I'd like the entries reproduced exactly, with all pictures omitted.

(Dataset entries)
····················
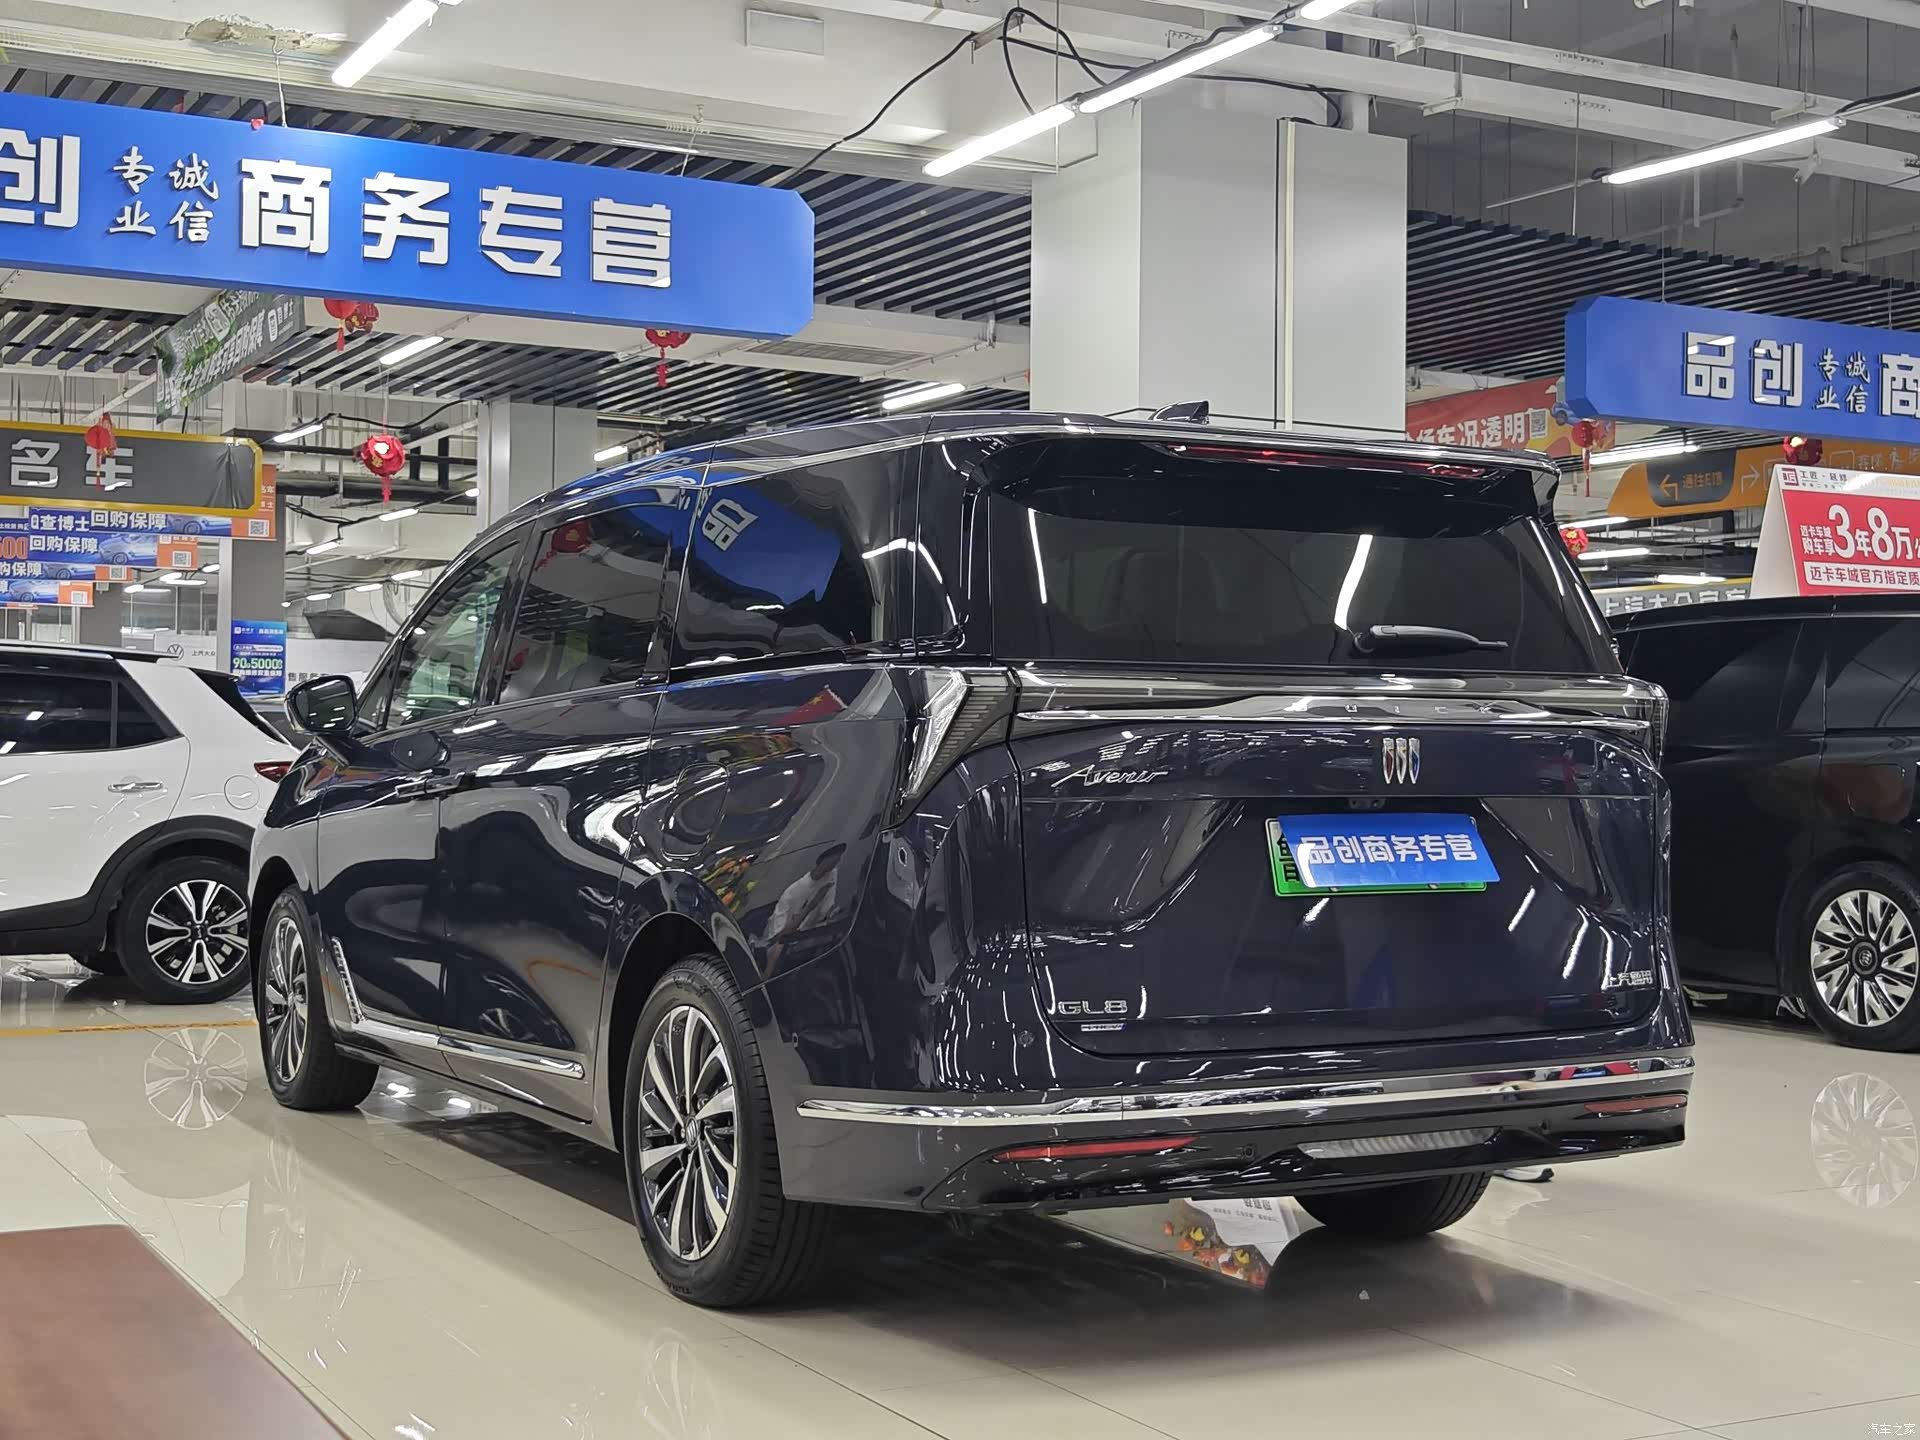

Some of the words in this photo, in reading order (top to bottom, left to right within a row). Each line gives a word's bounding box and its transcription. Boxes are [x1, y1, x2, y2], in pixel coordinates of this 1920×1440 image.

[0, 127, 80, 228] 创
[240, 158, 671, 288] 商务专营
[1686, 331, 1803, 406] 品创
[11, 439, 133, 489] 名车
[91, 510, 168, 531] 回购保障
[0, 536, 28, 559] 00
[30, 534, 99, 554] 回购保障
[1802, 537, 1835, 555] 购车享
[1051, 764, 1168, 787] Avenir
[1301, 833, 1478, 864] 品创商务专营
[1058, 1000, 1127, 1014] GL8
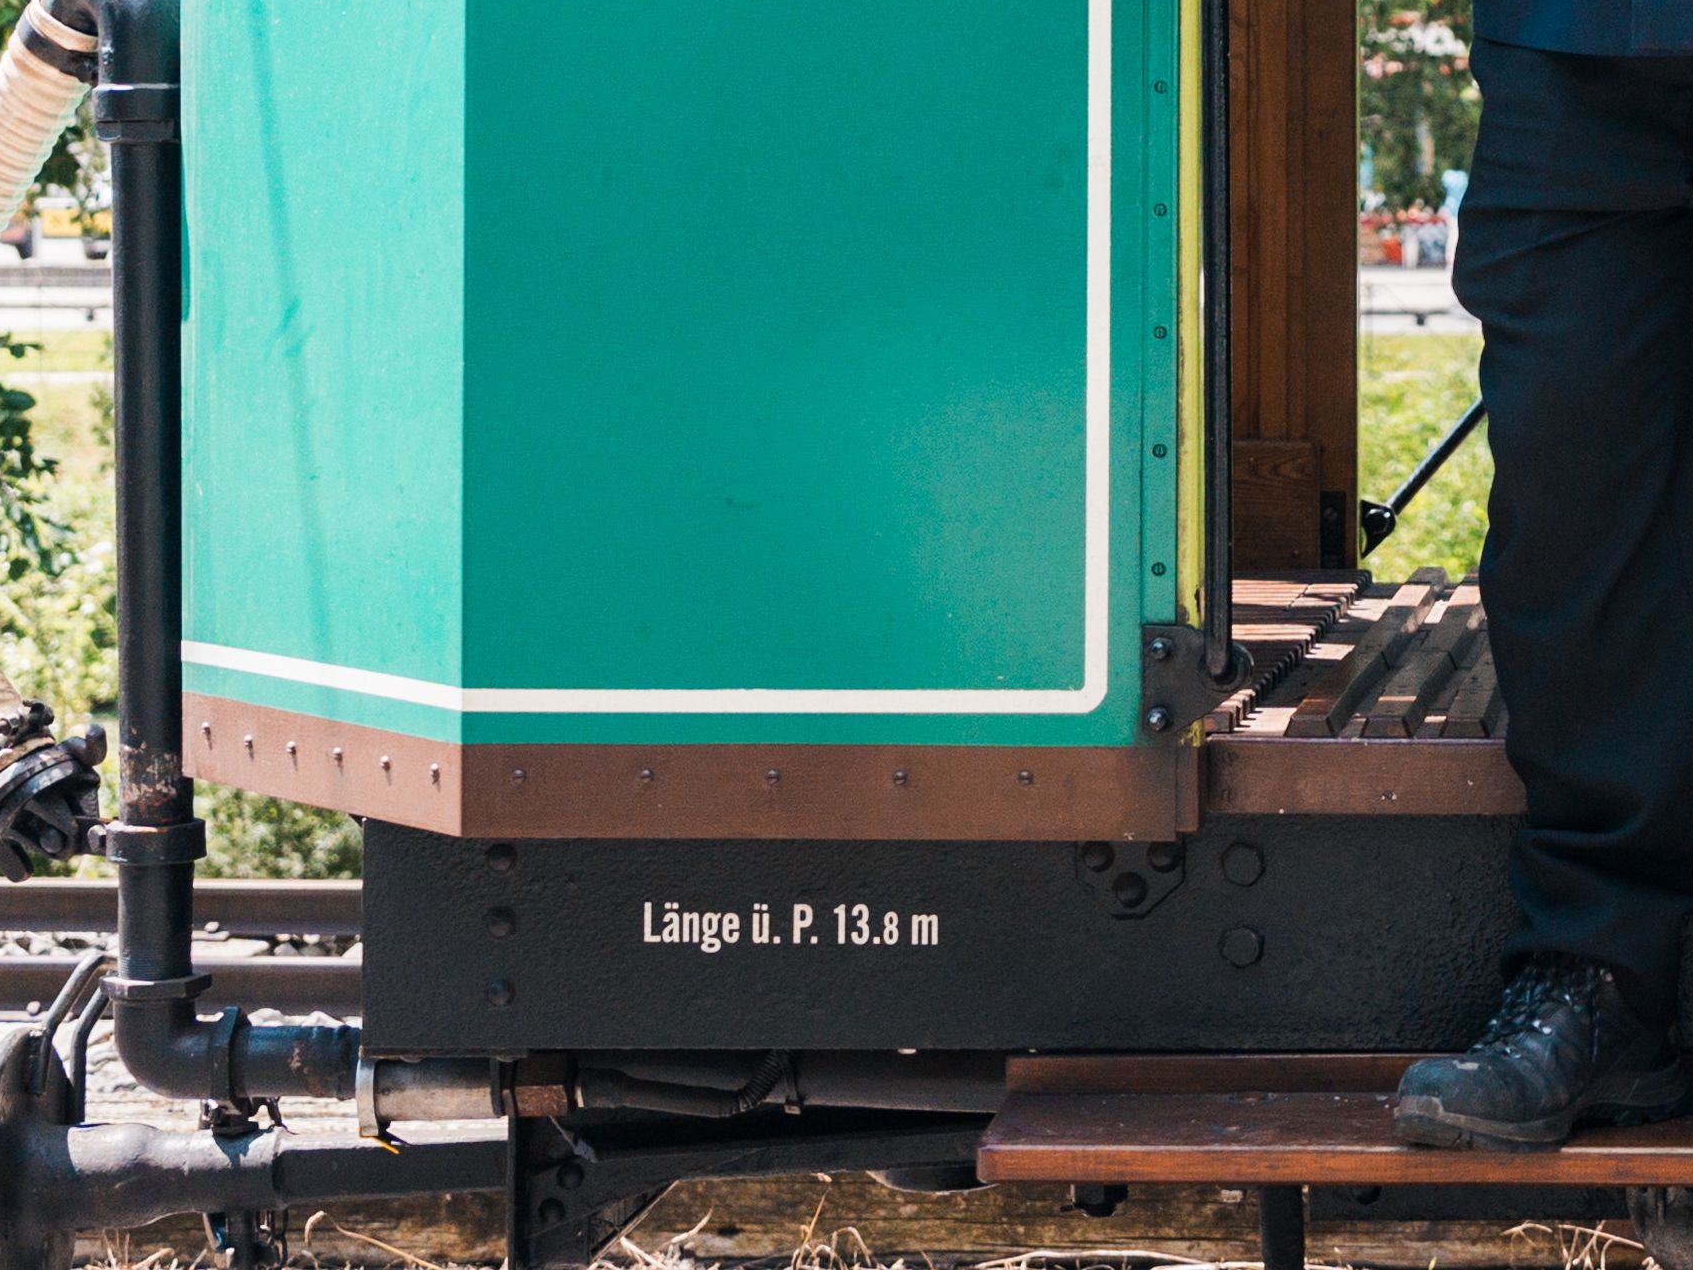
····················
■ **SOLUTION**:
Some of the words in this photo, in reading order (top to bottom, left to right within a row). Each line gives a word's bounding box and its transcription. Boxes are [x1, y1, x2, y2], in pixel coordinates of this 1920×1440 image.

[0, 127, 80, 228] 创
[240, 158, 671, 288] 商务专营
[1686, 331, 1803, 406] 品创
[11, 439, 133, 489] 名车
[91, 510, 168, 531] 回购保障
[0, 536, 28, 559] 00
[30, 534, 99, 554] 回购保障
[1802, 537, 1835, 555] 购车享
[1051, 764, 1168, 787] Avenir
[1301, 833, 1478, 864] 品创商务专营
[1058, 1000, 1127, 1014] GL8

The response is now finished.